> [RECORD EXTRACTS]

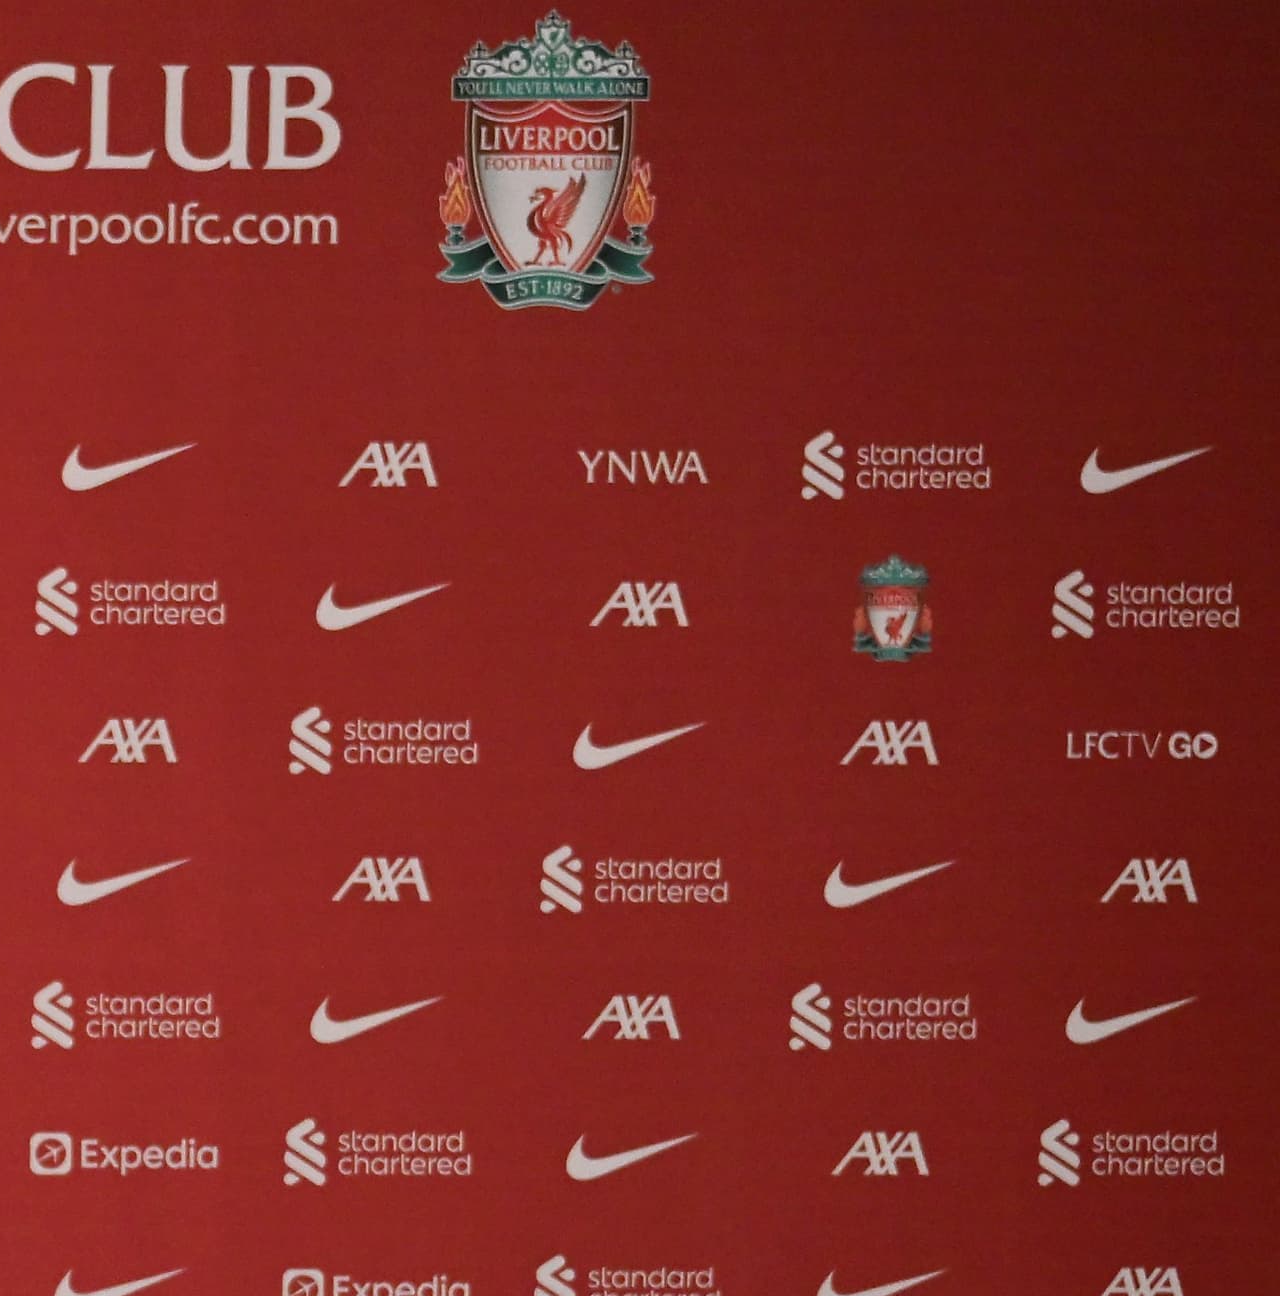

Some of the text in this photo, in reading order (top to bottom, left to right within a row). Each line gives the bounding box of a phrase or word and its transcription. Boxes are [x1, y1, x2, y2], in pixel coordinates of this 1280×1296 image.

[506, 82, 551, 96] NEVER
[552, 82, 595, 96] WALK
[597, 82, 644, 96] ALONE
[480, 125, 619, 151] LIVERPOOL
[485, 157, 613, 171] FOOTBALL CLUB
[339, 441, 438, 487] AXA
[578, 450, 708, 484] YNWA
[590, 582, 689, 627] AXA
[1107, 582, 1232, 604] standard
[1106, 606, 1240, 628] chartered
[78, 718, 178, 763] AXA
[344, 719, 471, 741] standard
[344, 742, 478, 764] chartered
[840, 720, 939, 765] AXA
[332, 857, 431, 902] AXA
[595, 858, 721, 880] standard
[1100, 858, 1198, 903] AXA
[595, 881, 728, 903] chartered
[86, 994, 212, 1016] standard
[844, 995, 970, 1018] standard
[86, 1016, 220, 1038] chartered
[582, 995, 681, 1040] AXA
[844, 1018, 977, 1040] chartered
[832, 1131, 929, 1176] AXA
[1093, 1131, 1217, 1154] standard
[81, 1138, 219, 1176] Expedia
[1092, 1154, 1224, 1175] chartered
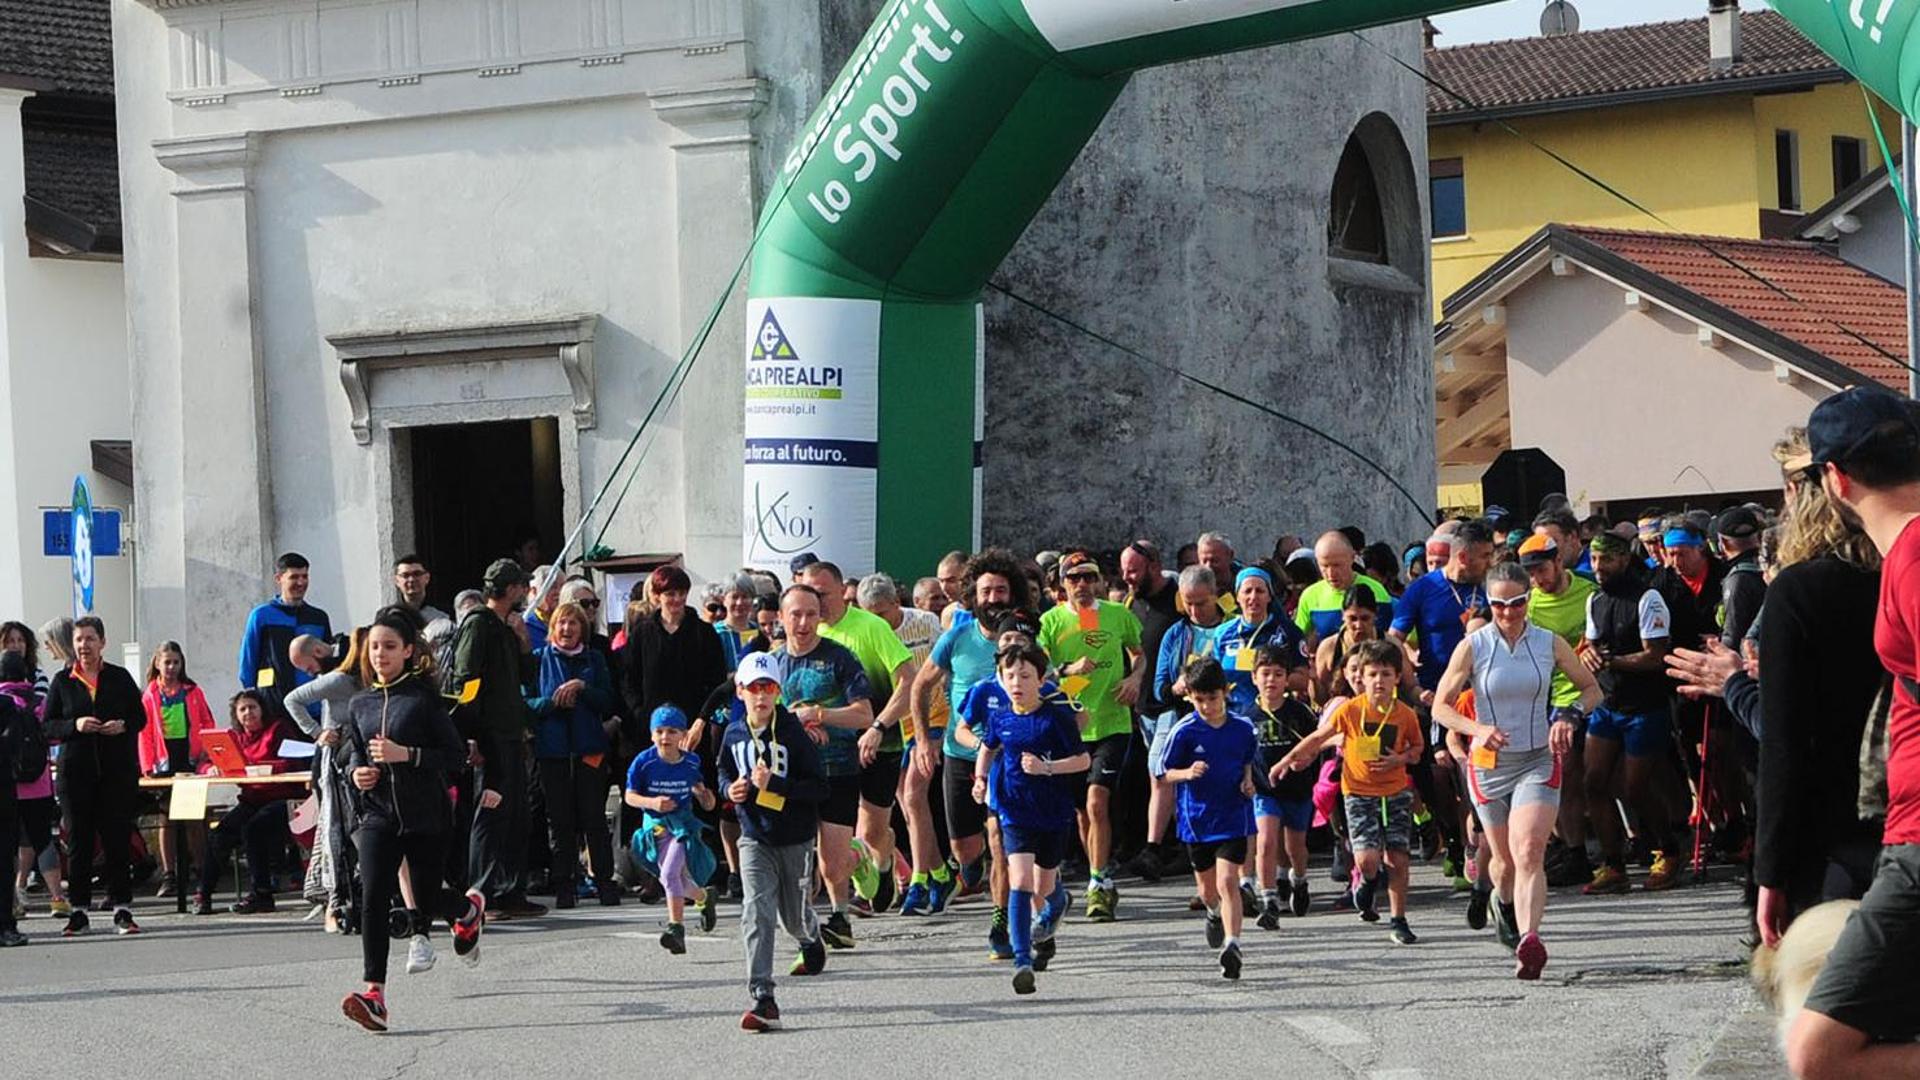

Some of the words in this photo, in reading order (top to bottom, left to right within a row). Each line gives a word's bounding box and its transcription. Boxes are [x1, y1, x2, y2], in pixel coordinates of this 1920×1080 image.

[806, 178, 852, 226] lo
[833, 0, 966, 184] Sport!
[764, 367, 842, 387] PREALPI
[777, 444, 790, 461] al
[793, 444, 848, 464] futuro.
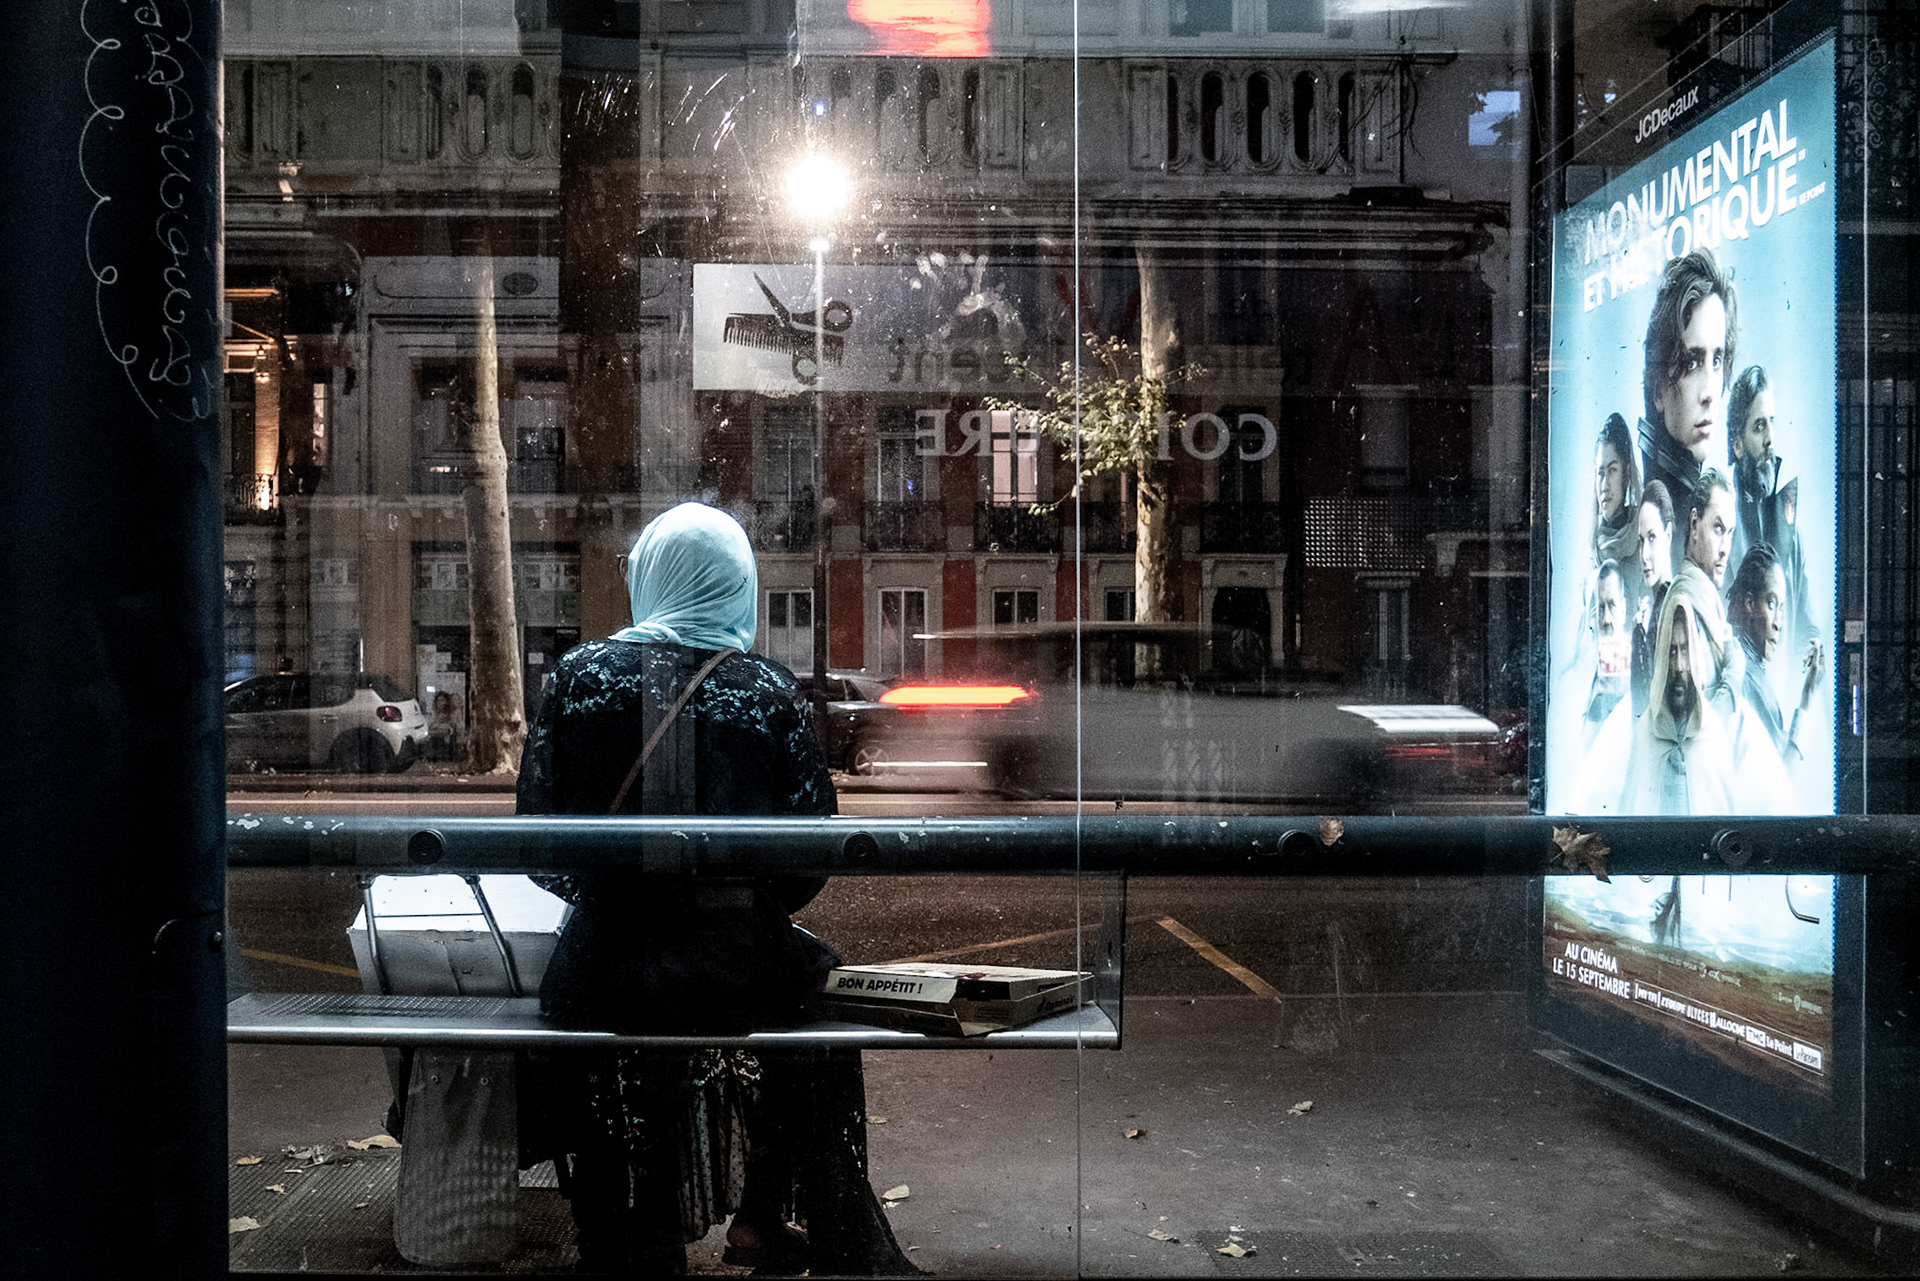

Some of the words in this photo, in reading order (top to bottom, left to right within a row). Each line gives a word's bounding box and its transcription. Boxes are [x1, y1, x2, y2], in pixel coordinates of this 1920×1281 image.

[1635, 86, 1700, 144] JCDecaux
[1584, 98, 1798, 265] MONUMENTAL
[1583, 270, 1606, 313] ET
[1552, 957, 1563, 975] LE
[1566, 961, 1577, 980] 15
[1577, 967, 1631, 999] SEPTEMBRE
[1564, 941, 1579, 961] AU
[1580, 947, 1619, 974] CINÉMA
[837, 977, 864, 991] BON
[866, 978, 916, 994] APPÉTIT
[916, 982, 922, 994] !

> [TASK TO CARRY OUT]
The job is to copy all the records precisely while omitting any picture.

> [EXERCISE OUTPUT]
Some of the text in this photo, in reading order (top to bottom, left to right within a row). Each line gives the bounding box of a phrase or word and its transcription. Boxes are [x1, y1, x2, y2], in pixel coordinates of this 1280×1296 image.

[506, 82, 551, 96] NEVER
[552, 82, 595, 96] WALK
[597, 82, 644, 96] ALONE
[480, 125, 619, 151] LIVERPOOL
[485, 157, 613, 171] FOOTBALL CLUB
[339, 441, 438, 487] AXA
[578, 450, 708, 484] YNWA
[590, 582, 689, 627] AXA
[1107, 582, 1232, 604] standard
[1106, 606, 1240, 628] chartered
[78, 718, 178, 763] AXA
[344, 719, 471, 741] standard
[344, 742, 478, 764] chartered
[840, 720, 939, 765] AXA
[332, 857, 431, 902] AXA
[595, 858, 721, 880] standard
[1100, 858, 1198, 903] AXA
[595, 881, 728, 903] chartered
[86, 994, 212, 1016] standard
[844, 995, 970, 1018] standard
[86, 1016, 220, 1038] chartered
[582, 995, 681, 1040] AXA
[844, 1018, 977, 1040] chartered
[832, 1131, 929, 1176] AXA
[1093, 1131, 1217, 1154] standard
[81, 1138, 219, 1176] Expedia
[1092, 1154, 1224, 1175] chartered

Some of the words in this photo, in reading order (top to bottom, left to right within a row). Each line gives a word's bounding box and its transcription. Boxes are [x1, y1, x2, y2], in pixel coordinates of this 1920×1080 image.

[806, 178, 852, 226] lo
[833, 0, 966, 184] Sport!
[764, 367, 842, 387] PREALPI
[777, 444, 790, 461] al
[793, 444, 848, 464] futuro.

Some of the words in this photo, in reading order (top to bottom, left to right within a row). Each line gives a word's bounding box and its transcription. Boxes are [x1, y1, x2, y2], in pixel coordinates of this 1920×1281 image.

[1635, 86, 1700, 144] JCDecaux
[1584, 98, 1798, 265] MONUMENTAL
[1583, 270, 1606, 313] ET
[1552, 957, 1563, 975] LE
[1566, 961, 1577, 980] 15
[1577, 967, 1631, 999] SEPTEMBRE
[1564, 941, 1579, 961] AU
[1580, 947, 1619, 974] CINÉMA
[837, 977, 864, 991] BON
[866, 978, 916, 994] APPÉTIT
[916, 982, 922, 994] !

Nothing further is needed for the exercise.